By Francis Scarcella
The Daily Item
SUNBURY — At least 70 people have sought drug treatment assistance for themselves or loved ones in the past 45 days as Northumberland County may be facing a potential outbreak in overdoses.
“It’s horrific and people don’t realize how bad it really is,” Glenda Bonetti, Northumberland County drug and alcohol administrator, said Tuesday. “It has gotten worse every year.”
County officials are worried after learning of at least five drug overdoses in recent months.
City police have yet to say what caused the death of J. Craig Landis, 33, of Selinsgrove, whose body was discovered Sunday morning in the backyard of a home on South Front Street in Sunbury. They did say his death was suspicious.
Bonetti, who has been working with addicts for 17 years, said it’s not only a bad batch of heroin that is the problem, but that those who are using are uneducated about the consequences of shooting up.
“There are really no programs out there in the schools,” she said. “When I was younger, heroin was considered the dirty drug. We are not just seeing heroin users, but we are seeing different drugs people are addicted to.”
Since July 1, Bonetti’s office has received 20 referrals and, in the past 45 days, 70 — which is a huge increase in numbers, she said.
While police had said a bad batch of heroin was in the Valley, reported by “people on the street,” Bonetti said it’s the way dealers are manipulating it.
“Users get hooked on pure heroin and then they get heroin that is cut down,” she said. “Once they get a cut-down version, their bodies can’t handle it.”
Heroin is costing some Valley addicts more than $300 a day, she said.
“We see users come in with a 30-bag-a-day habit,” she said. “They are shooting it all in a day.”
The price is astronomical for addicts to support a daily habit. Bonetti said users are stealing from friends and family to get the cash or in some cases, resorting to prostitution.
“You would be shocked at what is going on outside,” she said of Sunbury. “People are not realizing this is a problem and it’s a lot bigger than people think. A lot of times we see users who have stolen money from people they know, but charges are never put on them because they want those people to just get help.

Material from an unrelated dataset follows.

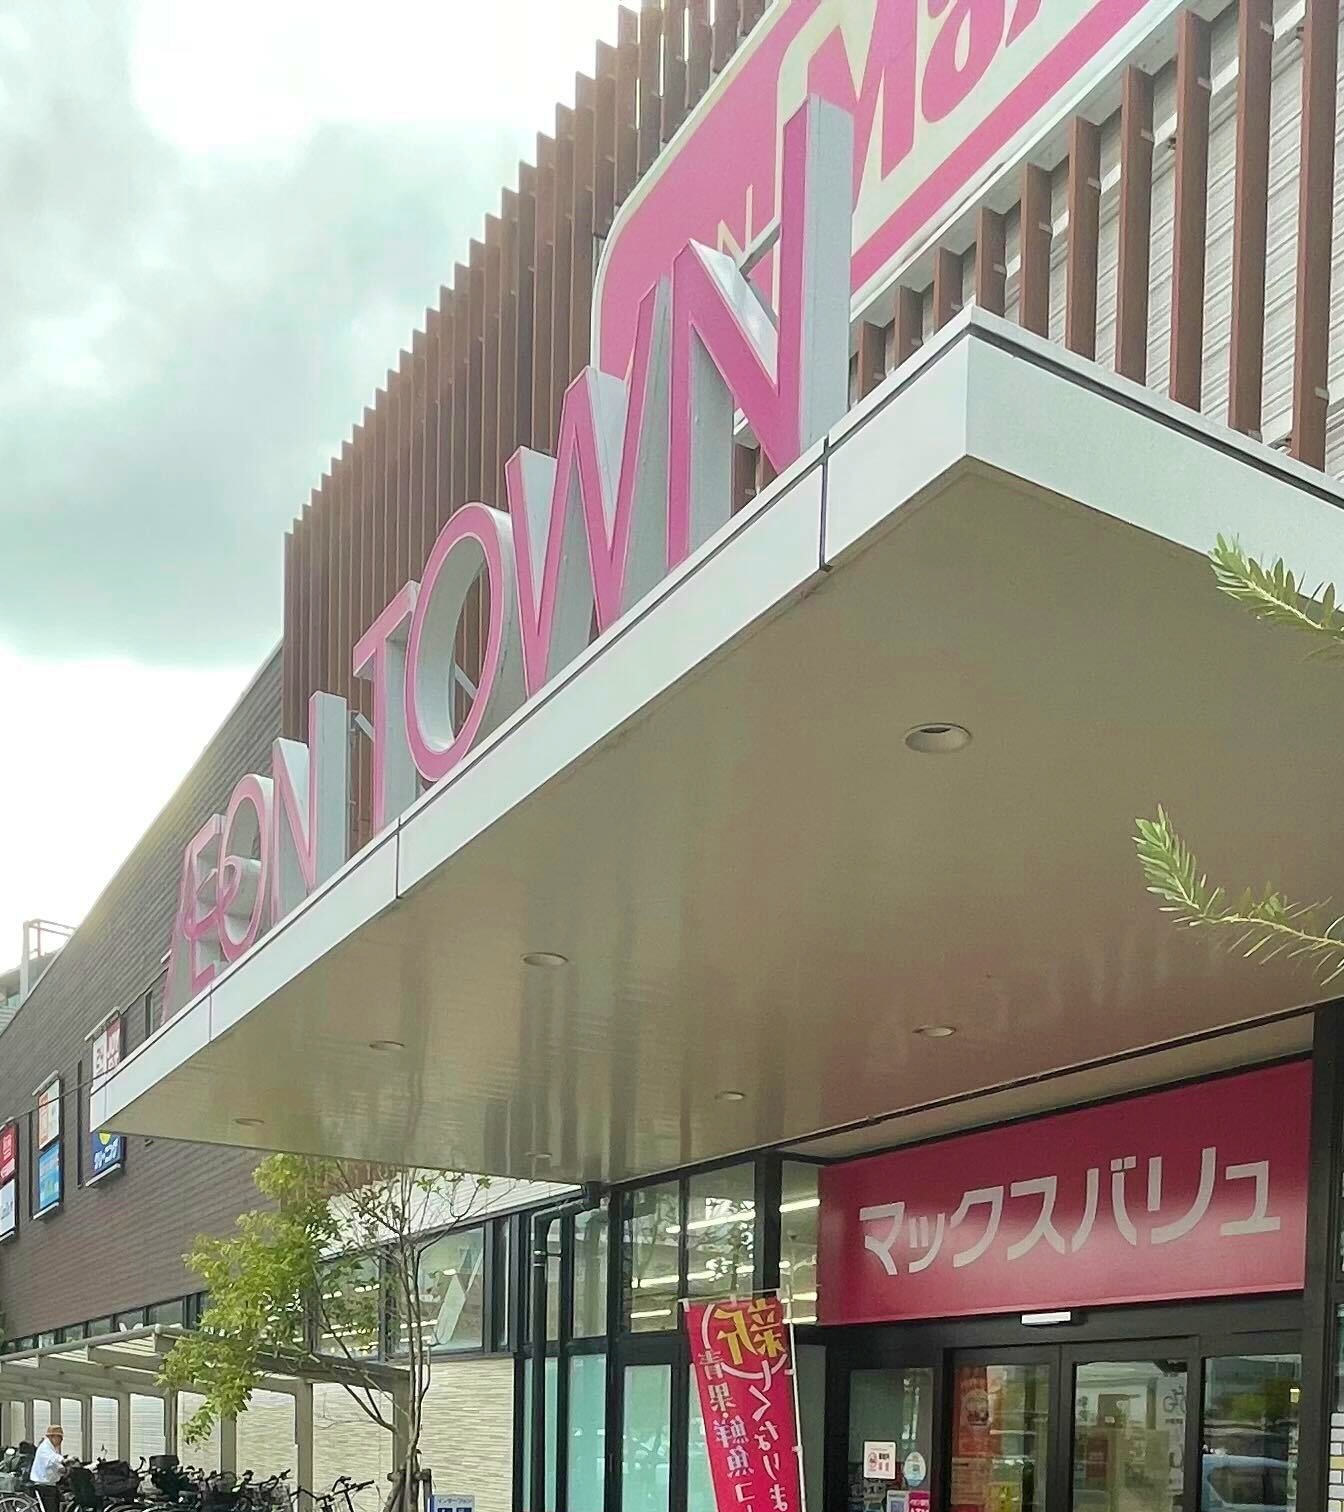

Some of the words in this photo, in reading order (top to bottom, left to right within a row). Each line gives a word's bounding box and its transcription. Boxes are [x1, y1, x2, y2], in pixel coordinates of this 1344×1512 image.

[162, 691, 346, 1025] AEON
[353, 94, 854, 835] TOWN
[859, 1147, 1281, 1276] マックスバリュ

“The drug courts work because those are people who have been caught either stealing or selling and are sitting on state prison’s front door.”
Addicts who are sent to White Deer Run treatment center, in Allenwood, usually don’t leave cured, Bonetti said.
“The success rate is 7 percent,” she said. “These are people who have yet to be caught in any illegal acts, so they are still not getting that push to get cured.”
According to the state Department of Health, in 2010, the most recent numbers the state has posted, Northumberland County had 13 drug-related deaths. Snyder had three, Union one and Montour reported none.
Numbers for 2011 through 2013 have not been released.
Sunbury Police Chief Steve Mazzeo said he has seen at least two per year in the city alone.